(Phrase grounding data)
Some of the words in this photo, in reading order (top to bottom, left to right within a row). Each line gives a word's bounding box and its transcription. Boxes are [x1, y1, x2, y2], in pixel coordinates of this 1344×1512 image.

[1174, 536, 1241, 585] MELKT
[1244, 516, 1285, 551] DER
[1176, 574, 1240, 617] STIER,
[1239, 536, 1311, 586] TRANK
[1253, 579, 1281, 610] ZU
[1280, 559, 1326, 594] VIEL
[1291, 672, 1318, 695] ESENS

__What is being asked__. Nothing but an exact reproduction of the entries is wanted.

__Solution__.
Some of the words in this photo, in reading order (top to bottom, left to right within a row). Each line gives a word's bounding box and its transcription. Boxes are [x1, y1, x2, y2], in pixel coordinates of this 1344×1512 image.

[1174, 536, 1241, 585] MELKT
[1244, 516, 1285, 551] DER
[1176, 574, 1240, 617] STIER,
[1239, 536, 1311, 586] TRANK
[1253, 579, 1281, 610] ZU
[1280, 559, 1326, 594] VIEL
[1291, 672, 1318, 695] ESENS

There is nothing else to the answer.